## TASK
Print the entries that appear below, exactly as written and without their pictures.
-------
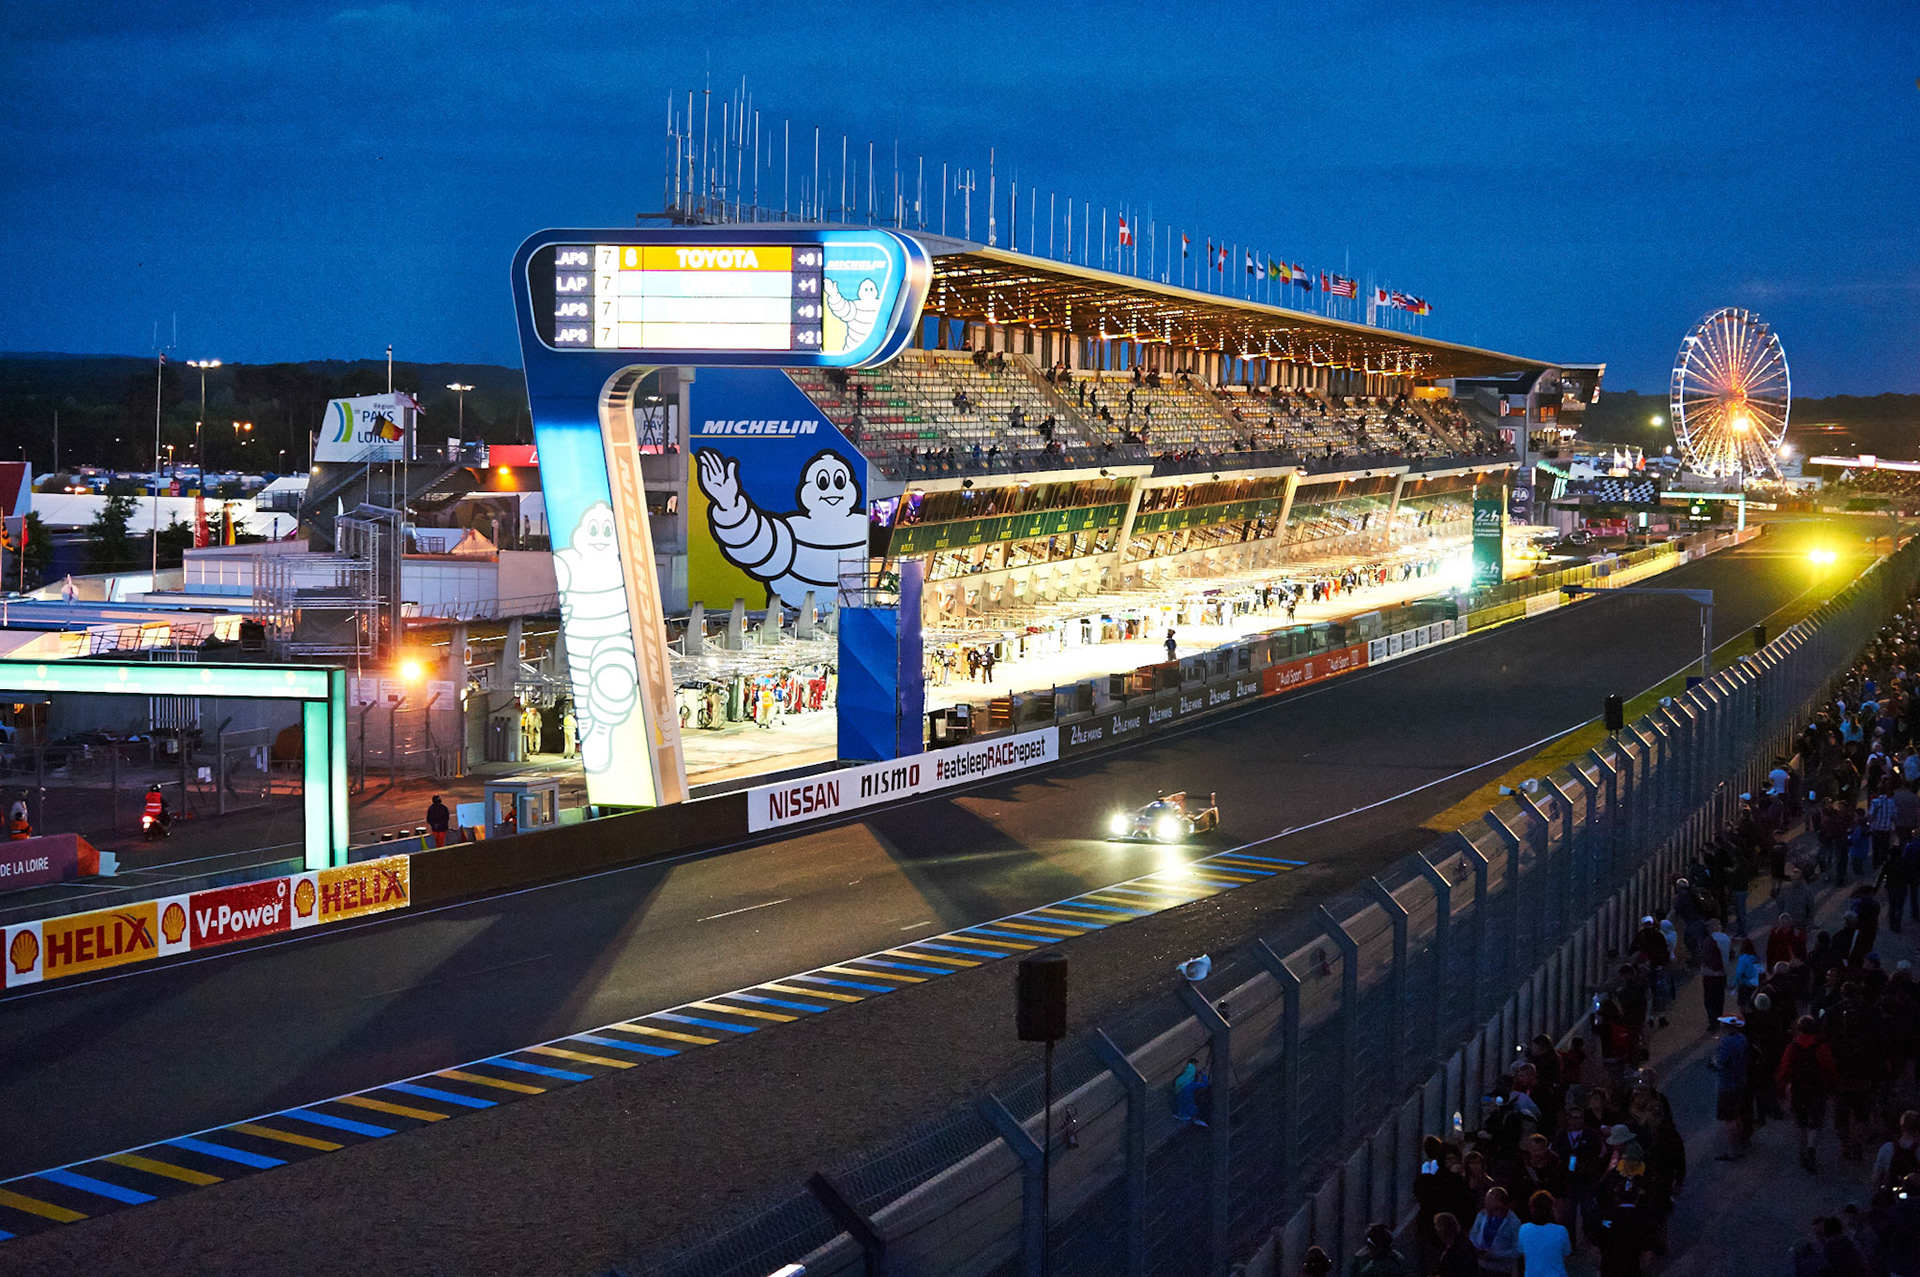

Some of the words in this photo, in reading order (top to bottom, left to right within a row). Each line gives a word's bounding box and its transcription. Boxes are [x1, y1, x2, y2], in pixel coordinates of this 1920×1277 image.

[603, 250, 611, 264] 7
[676, 250, 759, 268] TOYOTA
[826, 260, 887, 269] MICHELIN
[556, 276, 588, 291] LAP
[603, 276, 611, 290] 7
[603, 301, 611, 316] 7
[602, 327, 611, 342] 7
[702, 420, 819, 434] MICHELIN
[618, 456, 663, 684] MICHELIN
[937, 735, 1046, 781] #eatsleepRACErepeat
[769, 780, 840, 821] NISSAN
[0, 863, 11, 877] DE
[13, 860, 24, 875] LA
[25, 857, 49, 873] LOIRE
[322, 868, 404, 915] HELIX
[196, 902, 283, 938] V-Power
[47, 914, 153, 968] HELIX
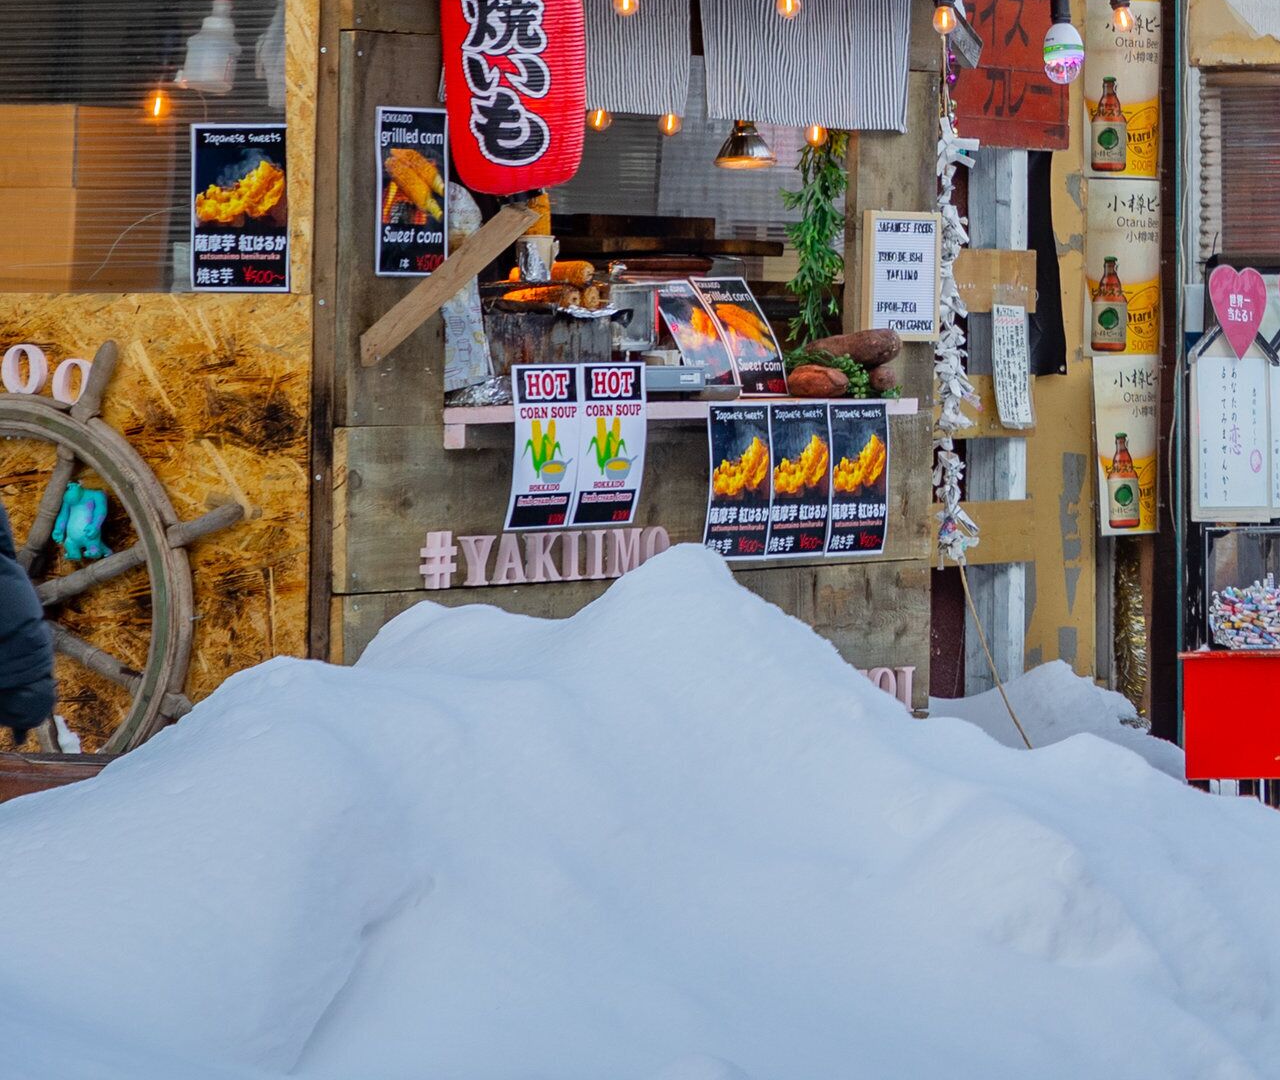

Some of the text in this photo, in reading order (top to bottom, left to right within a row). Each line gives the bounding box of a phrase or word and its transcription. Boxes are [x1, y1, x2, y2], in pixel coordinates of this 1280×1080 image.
-------
## RESPONSE AREA
Some of the words in this photo, in reading order (top to bottom, left to right within a row). Each line gives a word's bounding box and its transcription. Boxes are [x1, y1, x2, y2], in pixel coordinates of this 1920×1277 image.

[603, 250, 611, 264] 7
[676, 250, 759, 268] TOYOTA
[826, 260, 887, 269] MICHELIN
[556, 276, 588, 291] LAP
[603, 276, 611, 290] 7
[603, 301, 611, 316] 7
[602, 327, 611, 342] 7
[702, 420, 819, 434] MICHELIN
[618, 456, 663, 684] MICHELIN
[937, 735, 1046, 781] #eatsleepRACErepeat
[769, 780, 840, 821] NISSAN
[0, 863, 11, 877] DE
[13, 860, 24, 875] LA
[25, 857, 49, 873] LOIRE
[322, 868, 404, 915] HELIX
[196, 902, 283, 938] V-Power
[47, 914, 153, 968] HELIX

Some of the text in this photo, in reading order (top to bottom, left to right within a row). Each line gives the bounding box of a phrase or word and its transcription. Boxes are [x1, y1, x2, y2], in pixel coordinates of this 1280×1080 image.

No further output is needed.